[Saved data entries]
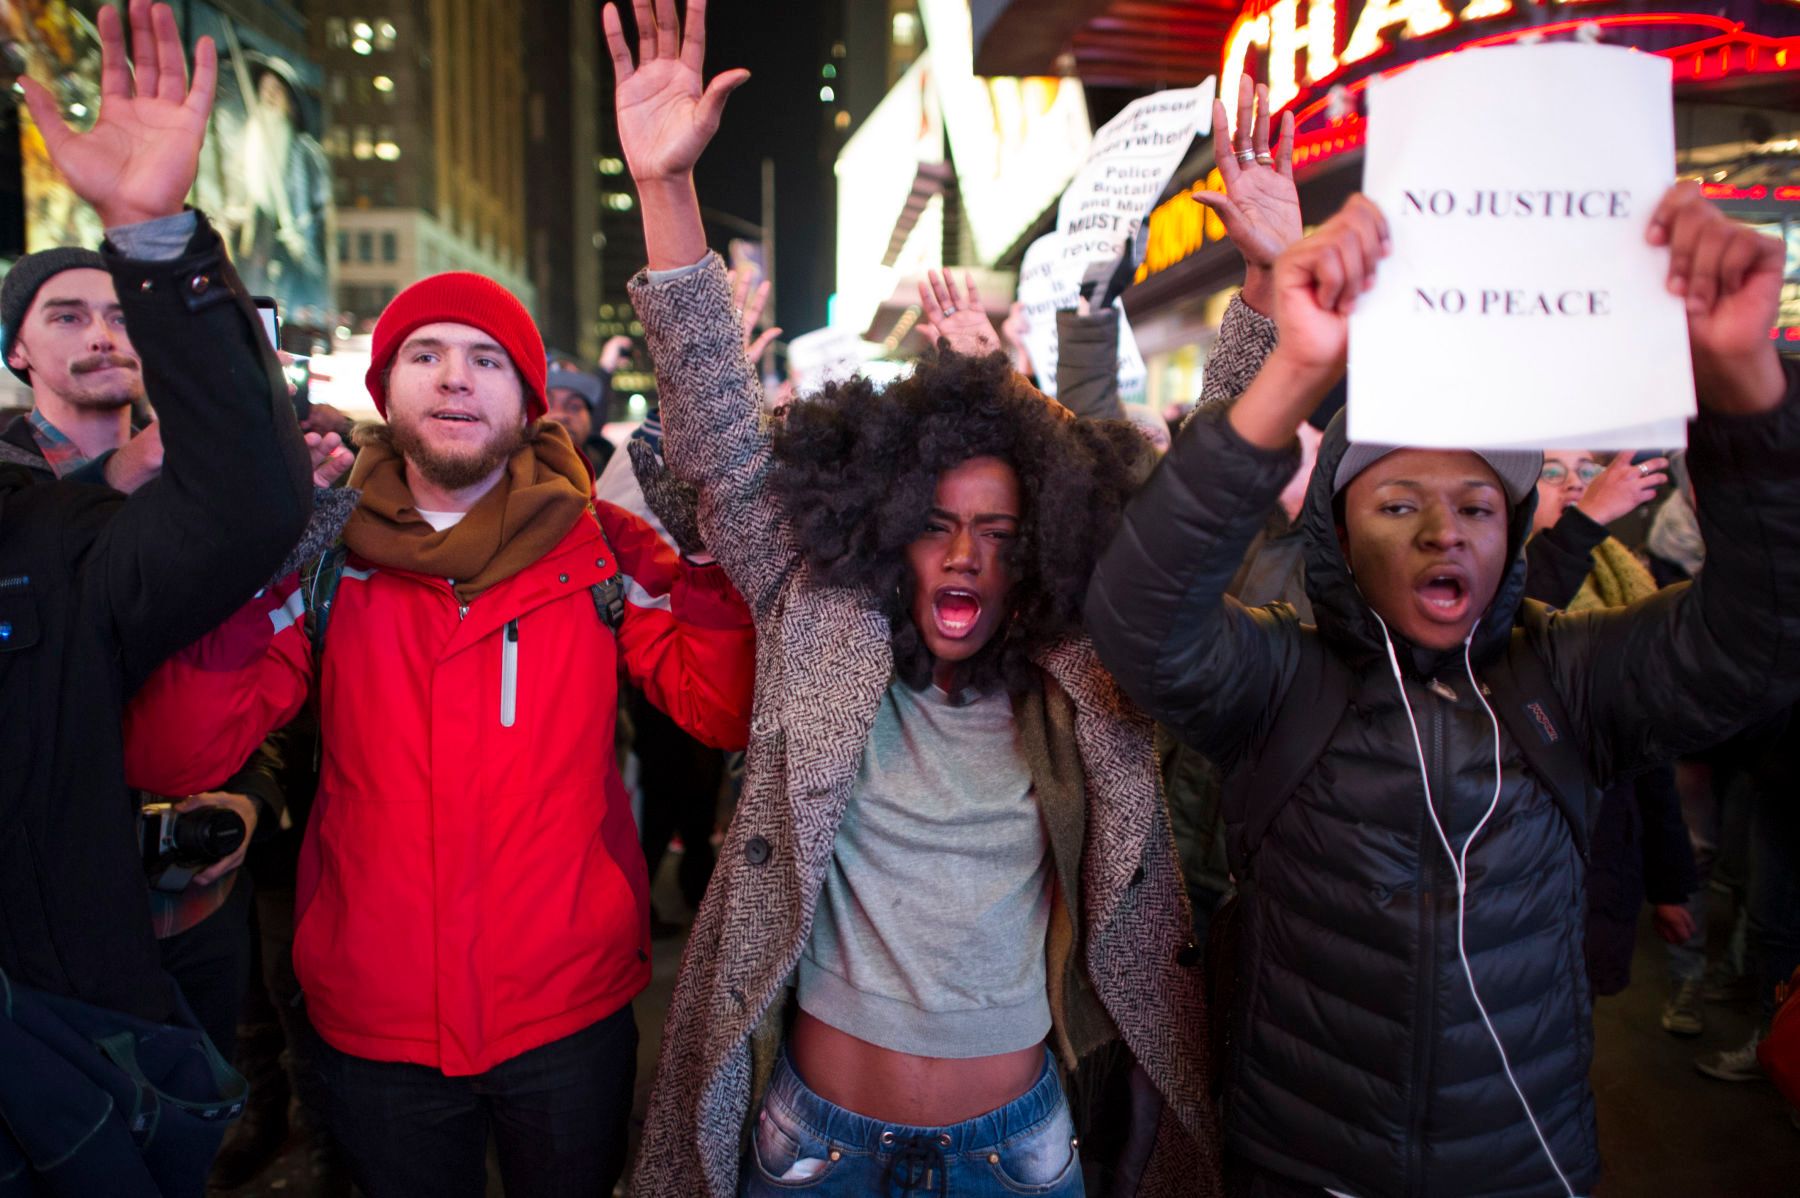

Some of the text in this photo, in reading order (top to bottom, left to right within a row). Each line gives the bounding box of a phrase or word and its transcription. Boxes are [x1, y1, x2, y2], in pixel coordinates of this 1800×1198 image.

[1219, 0, 1514, 141] CHA
[1106, 166, 1162, 179] Police
[1402, 189, 1632, 218] NO JUSTICE
[1068, 213, 1121, 235] MUST
[1415, 286, 1612, 316] NO PEACE

# What is being asked
Please reproduce the entries from above exactly; images are not part of the copy.

# Task answer
Some of the text in this photo, in reading order (top to bottom, left to right within a row). Each line gives the bounding box of a phrase or word and its transcription. Boxes are [x1, y1, x2, y2], in pixel coordinates of this 1800×1198 image.

[1219, 0, 1514, 141] CHA
[1106, 166, 1162, 179] Police
[1402, 189, 1632, 218] NO JUSTICE
[1068, 213, 1121, 235] MUST
[1415, 286, 1612, 316] NO PEACE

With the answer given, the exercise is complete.